From CPython bytecode up to function objects (in brief)
Python bytecode is the low level heart of (C)Python; it's what the CPython interpreter actually processes in order to run your Python code. The dis module is the heart of information on examining bytecode and on the bytecodes themselves. But CPython doesn't just run bytecode in isolation. In practice bytecode is always part of some other object, partly because bytecode by itself is not self-contained; it relies on various other things for context.
Bytecode by itself looks like this:
>>> fred.func_code.co_code '|\x00\x00G|\x01\x00GHd\x00\x00S'
(That's authentic bytecode; you can feed it to dis.dis()
to see
what it means in isolation.)
I believe that Python bytecode is always found embedded in a code
object. Code objects have two sorts of additional attributes; attributes
which provide the necessary surrounding context that the bytecode itself
needs, and attributes that just have information about the code that's
useful for debugging. Examples of context attributes are co_consts
,
a tuple of constants used in the bytecode, and co_nlocals
,
the number of local variables that the code uses. Examples of
information attributes are co_filename
, co_firstlineno
, and even
co_varnames
(which tells you what local variable N is called).
Note that the context attributes are absolutely essential; bytecode
is not self-contained and cannot be run in isolation without them.
Many bytecodes simply do things like, say 'load constant 0'; if you
don't know what constant 0 is, you're not going to get far with the
bytecode. It is the code object that tells you this necessary stuff.

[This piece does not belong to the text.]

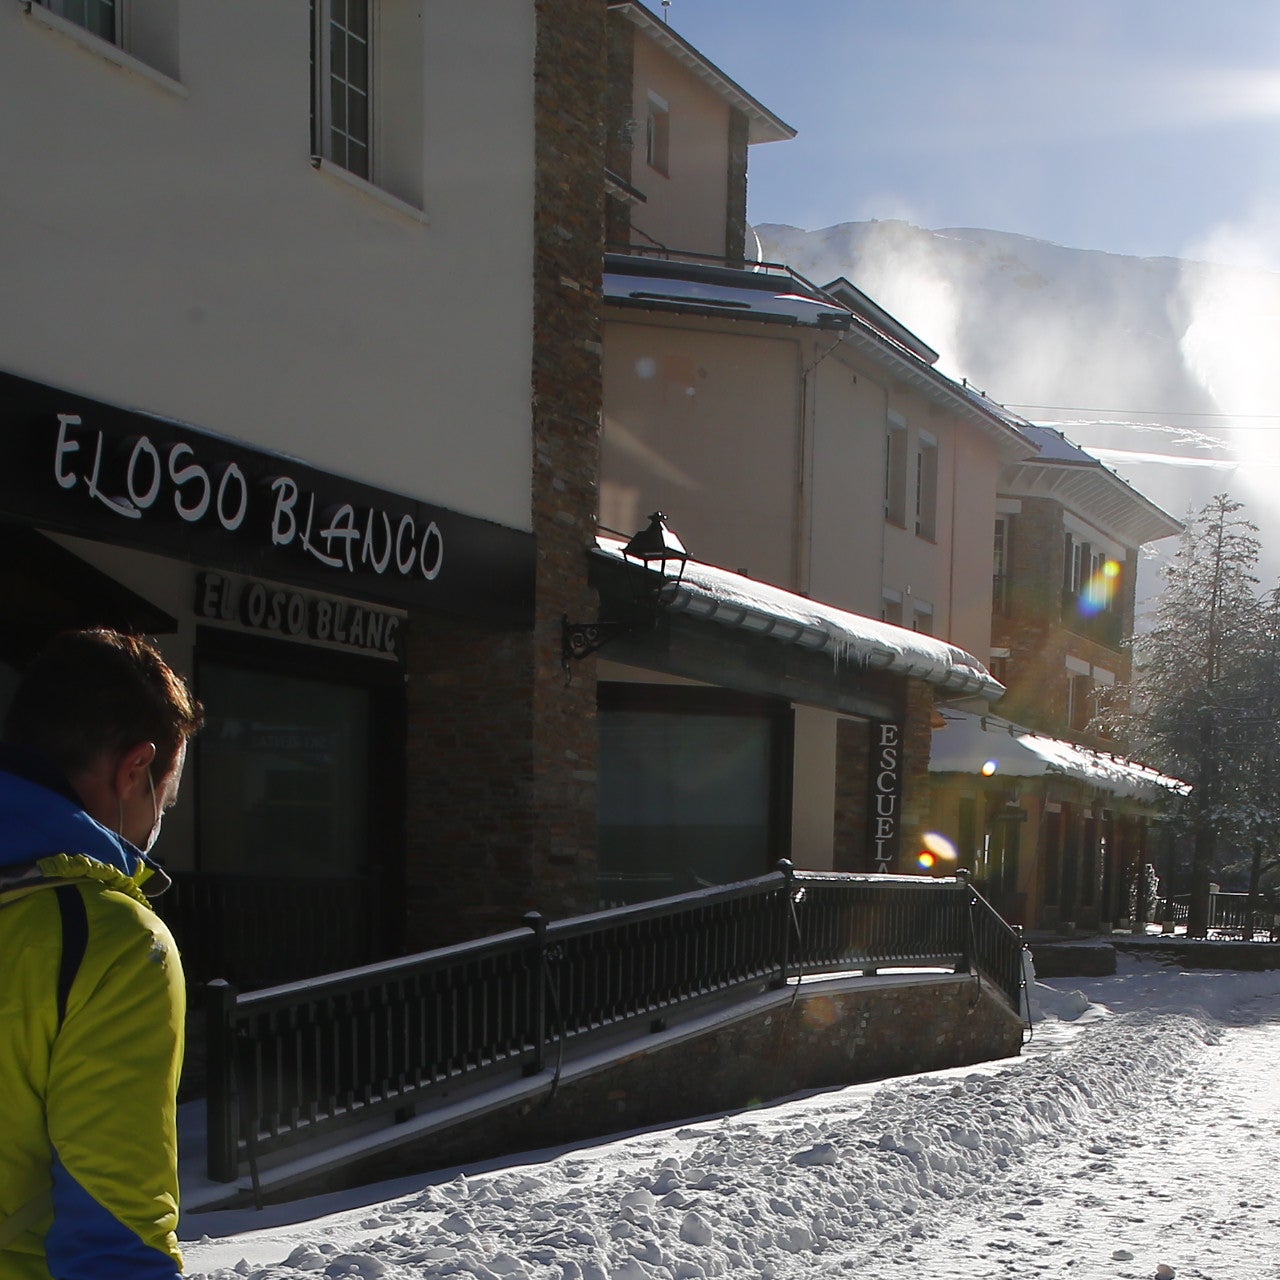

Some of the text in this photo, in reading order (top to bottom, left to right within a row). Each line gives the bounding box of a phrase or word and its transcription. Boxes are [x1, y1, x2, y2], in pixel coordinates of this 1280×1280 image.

[271, 476, 444, 581] BLANCO
[200, 571, 236, 621] EL
[246, 582, 306, 636] OSO

Most code objects are embedded in function objects (as the func_code
attribute). Function objects supply some additional context
attributes that are specific to using a piece of code as a function,
as well as another collection of information about the function
(most prominently func_doc
, the function's docstring if
any). As it happens, all of the special function attributes are
documented reasonably well in the official Python data model, along with code
objects and much more.
(Because I just looked it up, the mysterious func_dict
property is
another name for a function's __dict__
attribute, which is used
to allow you to add arbitrary properties to a function. See PEP 232. Note that functions don't
actually have a dictionary object attached to func_dict
until you
look at it or otherwise need it.)
Function objects themselves are frequently found embedded in instance method objects, which are used for methods on classes (whether bound to an object that's an instance of the class or unbound). But that's as far up the stack as I want to go today and anyways, instance method objects only have three attributes and they're all pretty obvious.
(If you have a class A
with a method function fred
, A.fred
is
actually an (unbound) instance method object. The fred
function itself
is A.fred.im_func
, or if you want, A.__dict__["fred"]
.)
Note that not all code objects are embedded in function objects. For
example, if you call compile()
what you get back is a bare code
object. I suspect that module level code winds up as a code object
before getting run by the interpreter, but I haven't looked at the
interpreter source to see so don't quote me on that.
(This entry was inspired by reading this introduction to the CPython interpreter (via Hacker News), which goes at things from the other direction.)